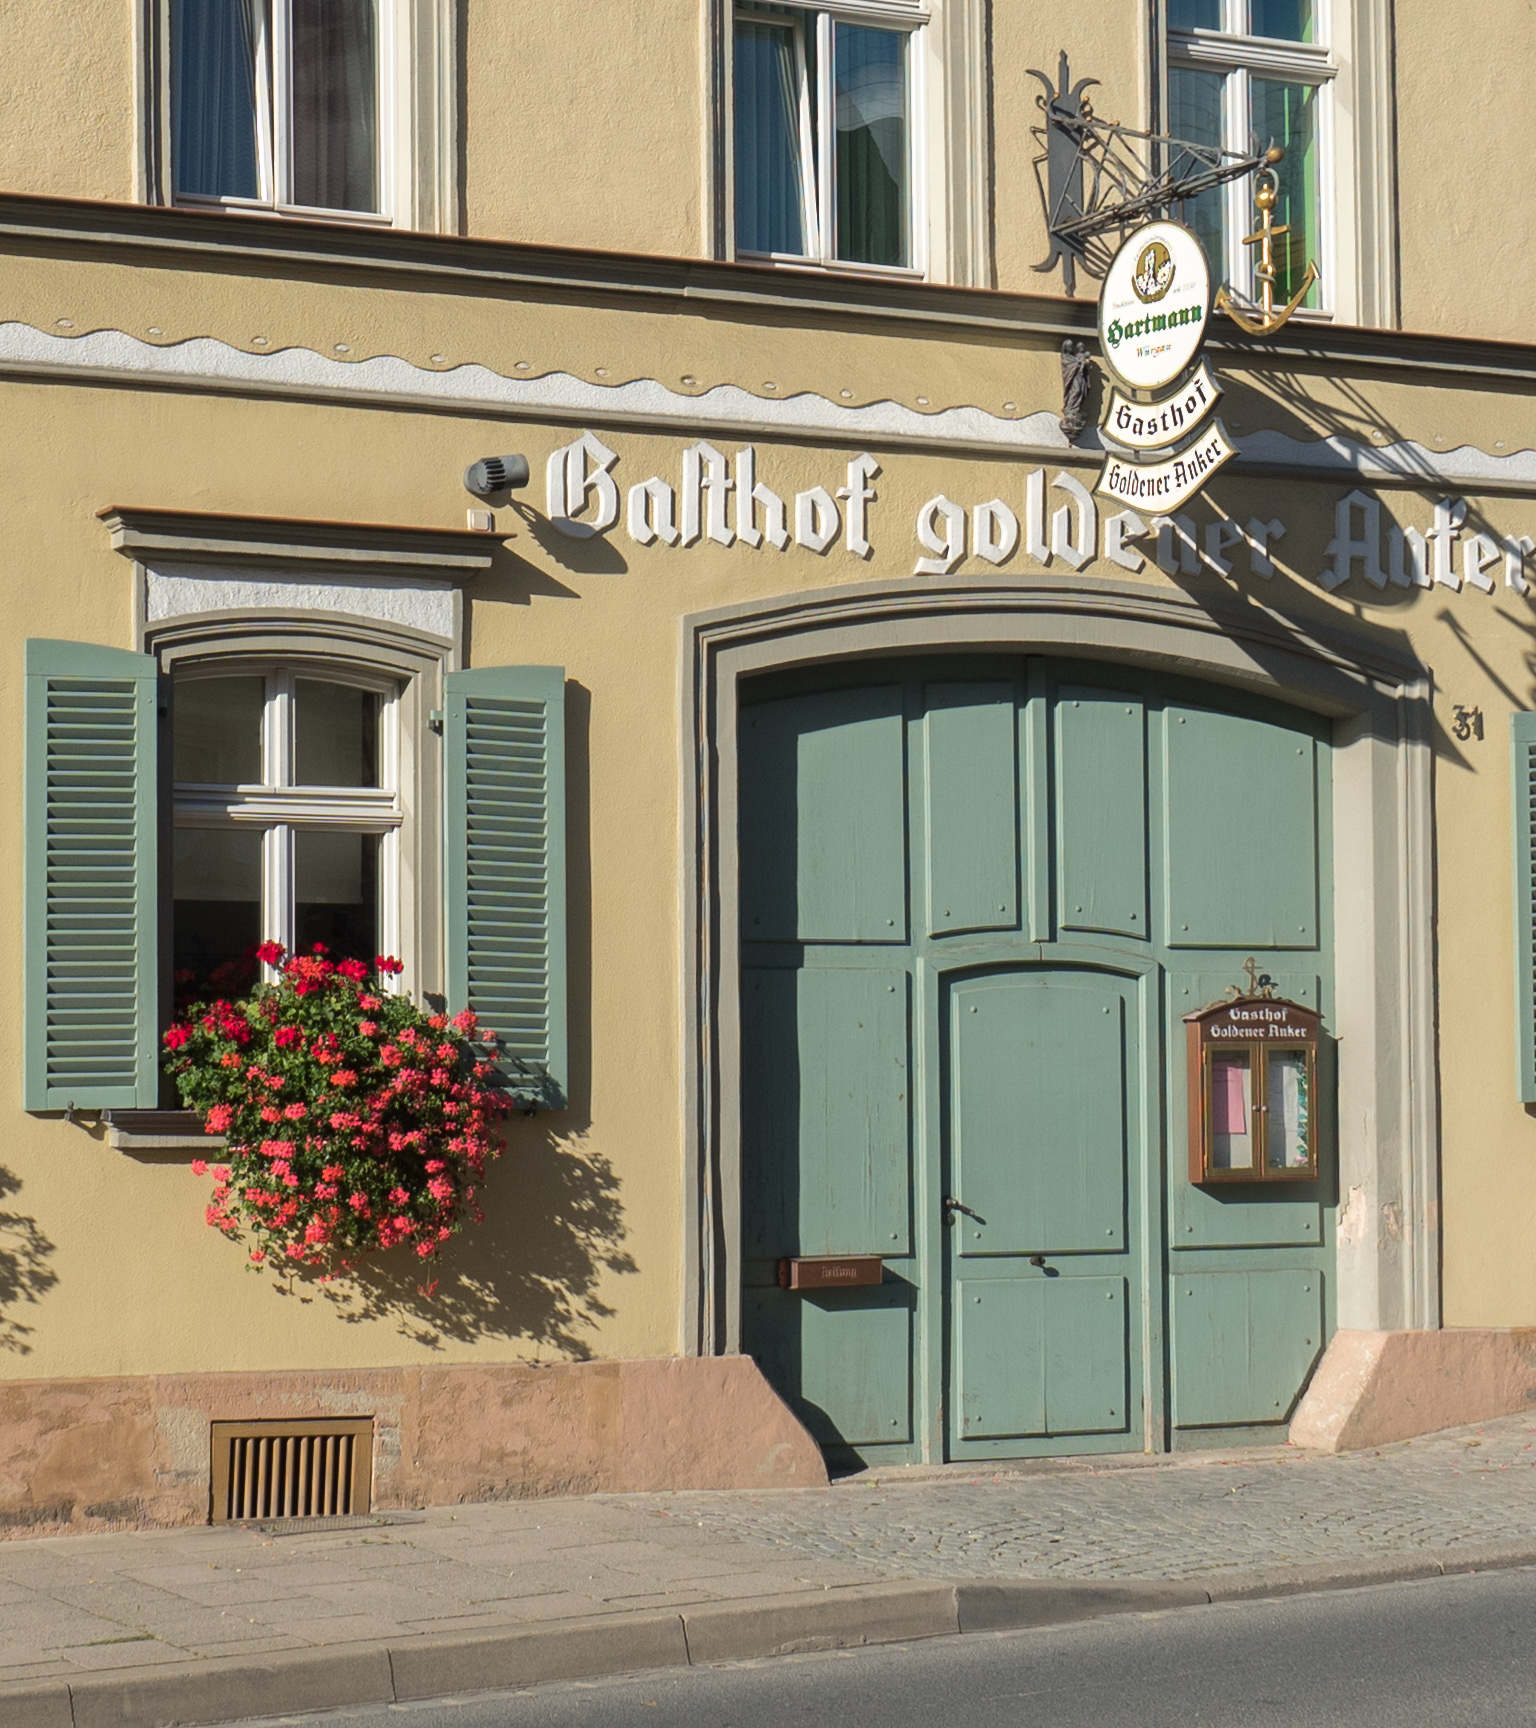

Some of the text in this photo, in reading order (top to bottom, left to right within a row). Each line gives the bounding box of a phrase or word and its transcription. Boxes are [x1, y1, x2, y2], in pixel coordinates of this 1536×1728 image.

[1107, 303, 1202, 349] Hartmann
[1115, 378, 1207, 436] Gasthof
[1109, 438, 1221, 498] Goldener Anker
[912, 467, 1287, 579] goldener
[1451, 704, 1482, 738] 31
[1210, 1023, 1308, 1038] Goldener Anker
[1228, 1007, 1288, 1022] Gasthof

...

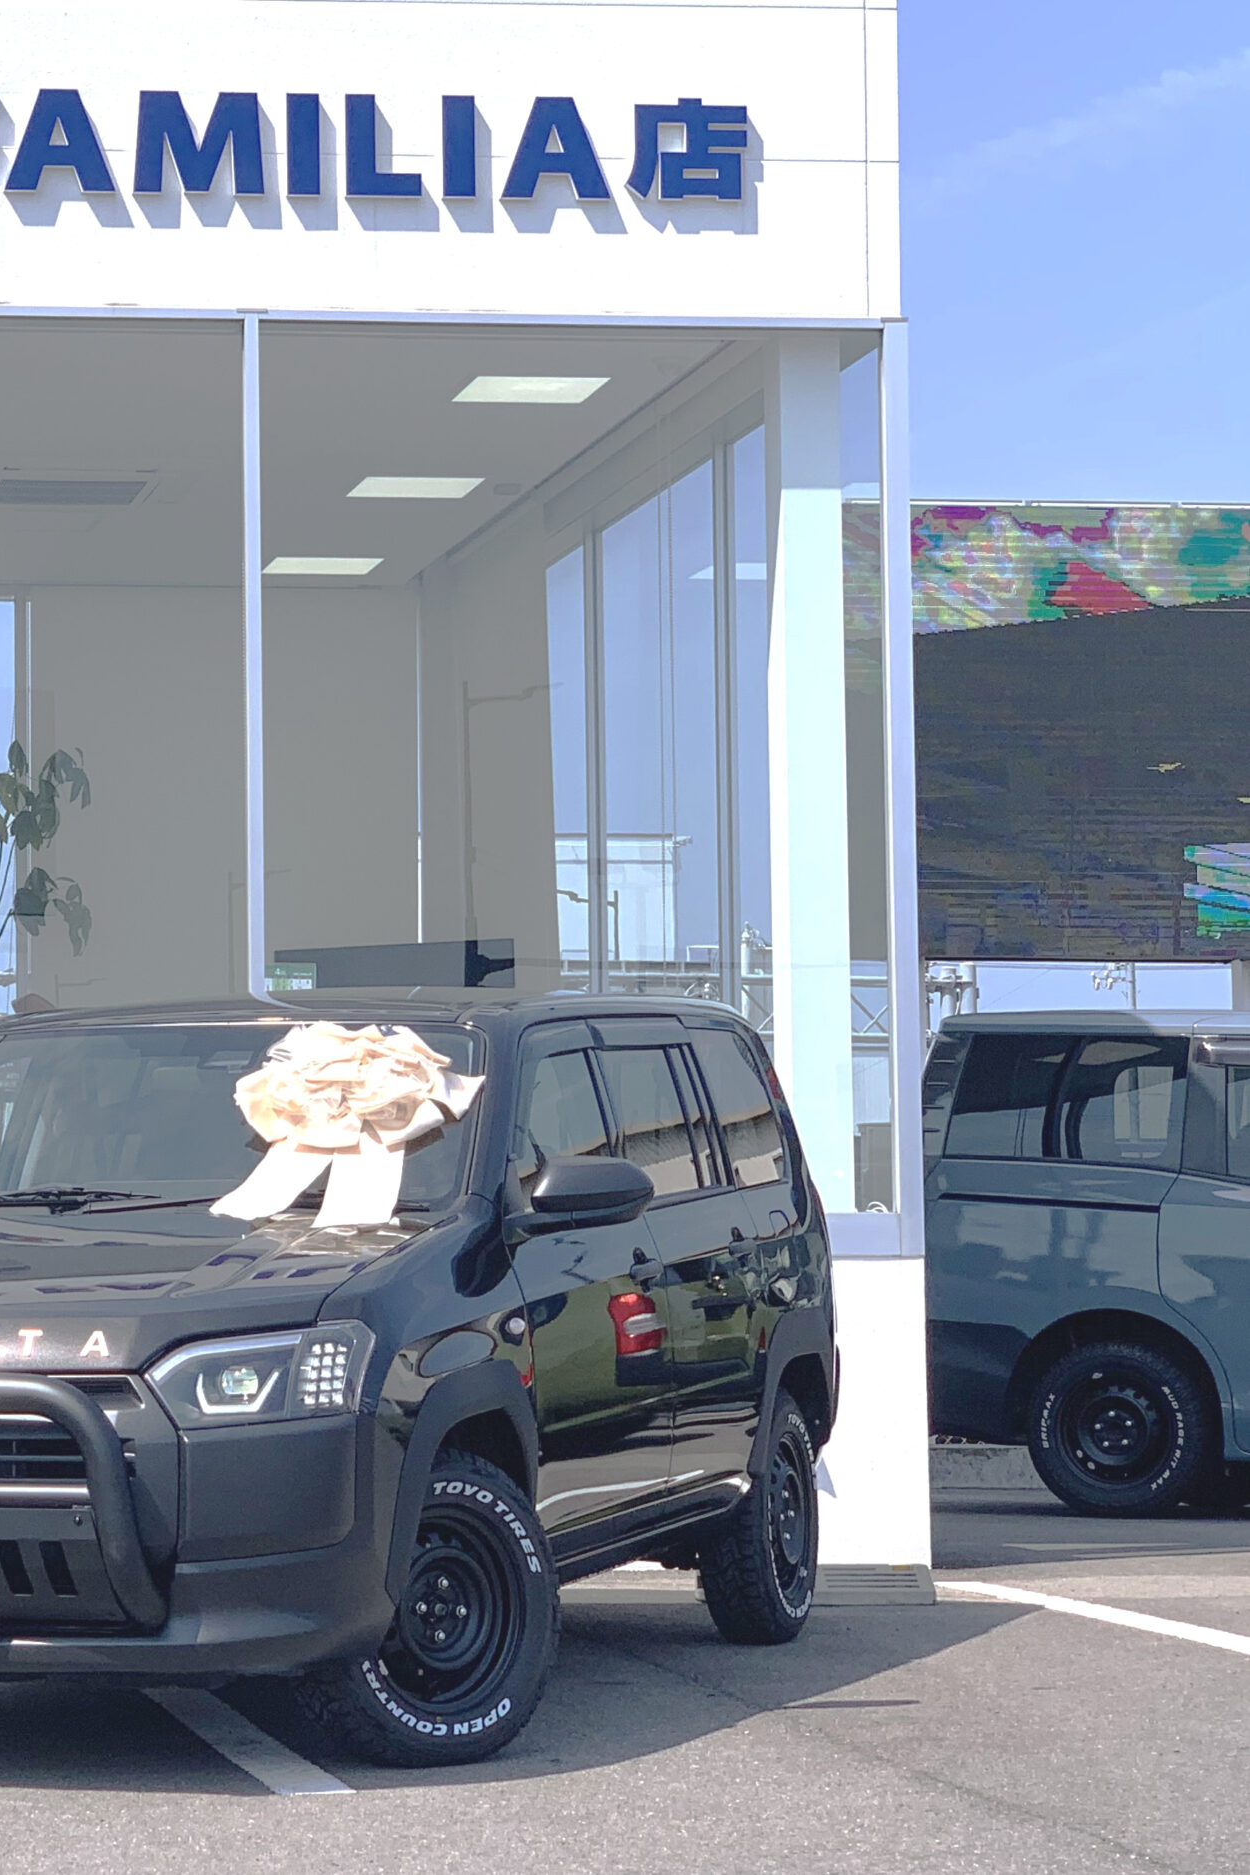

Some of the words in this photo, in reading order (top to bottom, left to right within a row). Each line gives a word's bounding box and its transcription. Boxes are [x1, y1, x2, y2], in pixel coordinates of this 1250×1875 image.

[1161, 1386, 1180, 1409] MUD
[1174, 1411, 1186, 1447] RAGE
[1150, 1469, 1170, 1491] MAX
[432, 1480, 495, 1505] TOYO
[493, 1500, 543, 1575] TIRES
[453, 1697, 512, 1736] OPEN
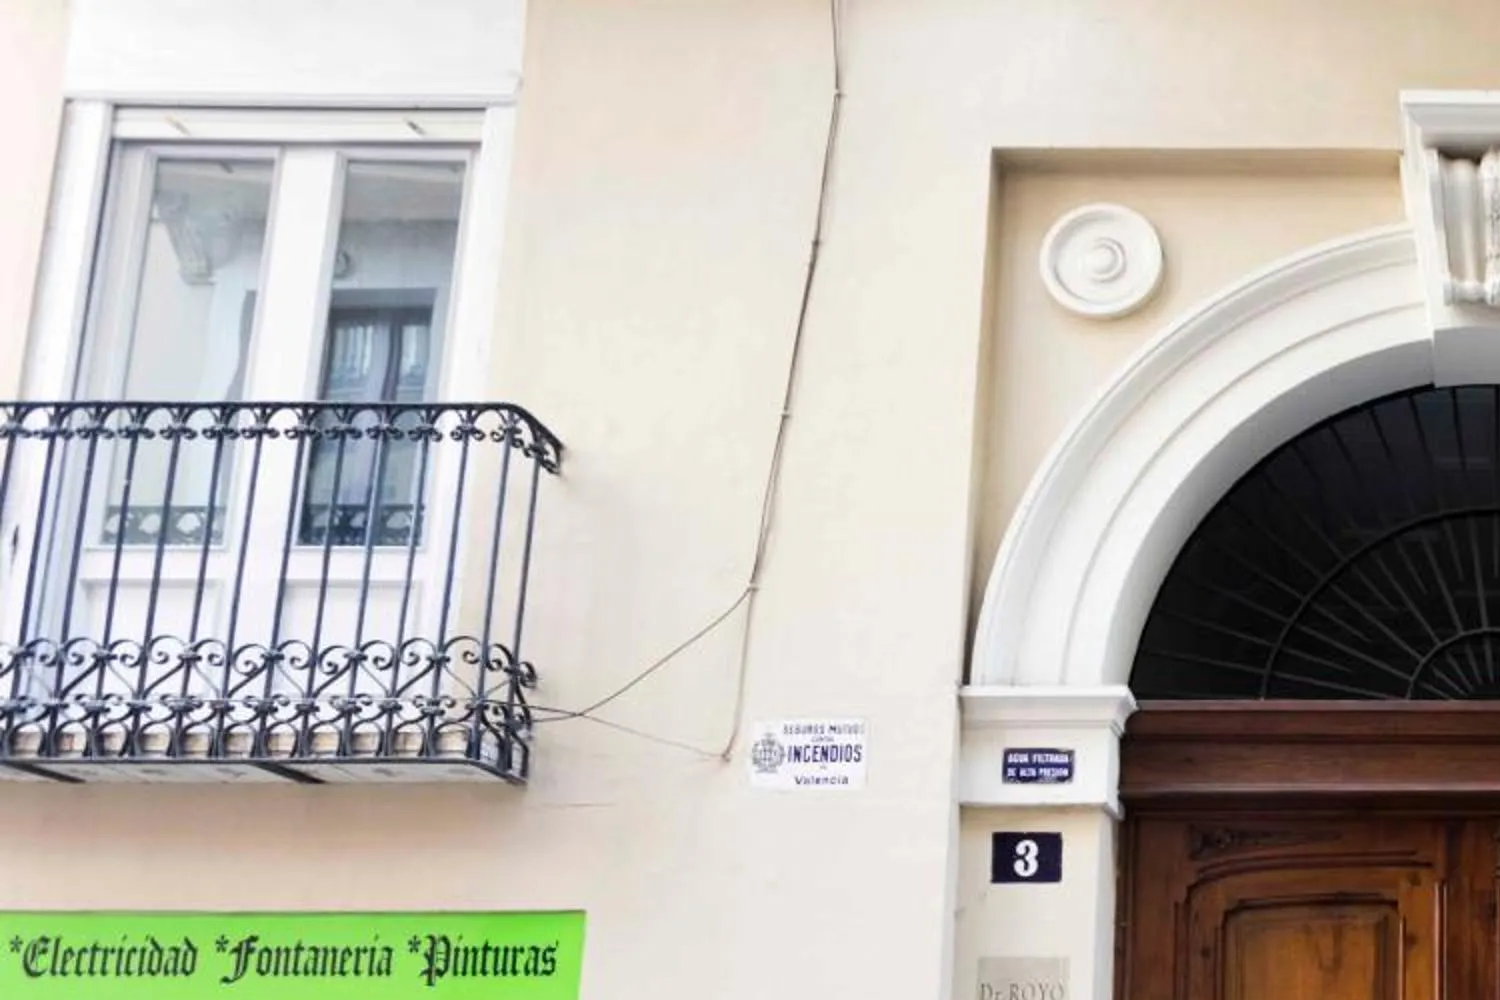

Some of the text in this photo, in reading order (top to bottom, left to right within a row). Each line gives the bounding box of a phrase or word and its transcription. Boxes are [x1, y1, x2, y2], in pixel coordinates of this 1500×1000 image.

#### What is needed
In the listing above, the required lines run from the line with "Some of the words" through the line with "this 1500×1000 image.". Output exactly those lines, omitting pictures.

#### The completed task
Some of the words in this photo, in reading order (top to bottom, left to right within a row). Each line gives a word's bounding box and its transcription. Boxes are [x1, y1, x2, y2], in pixel coordinates of this 1250×1875 image.

[1161, 1386, 1180, 1409] MUD
[1174, 1411, 1186, 1447] RAGE
[1150, 1469, 1170, 1491] MAX
[432, 1480, 495, 1505] TOYO
[493, 1500, 543, 1575] TIRES
[453, 1697, 512, 1736] OPEN

Some of the text in this photo, in reading order (top to bottom, left to right within a row). Each line gives the bounding box of a phrase or word and its transcription. Boxes are [x1, y1, x2, y2], in pixel coordinates of this 1500×1000 image.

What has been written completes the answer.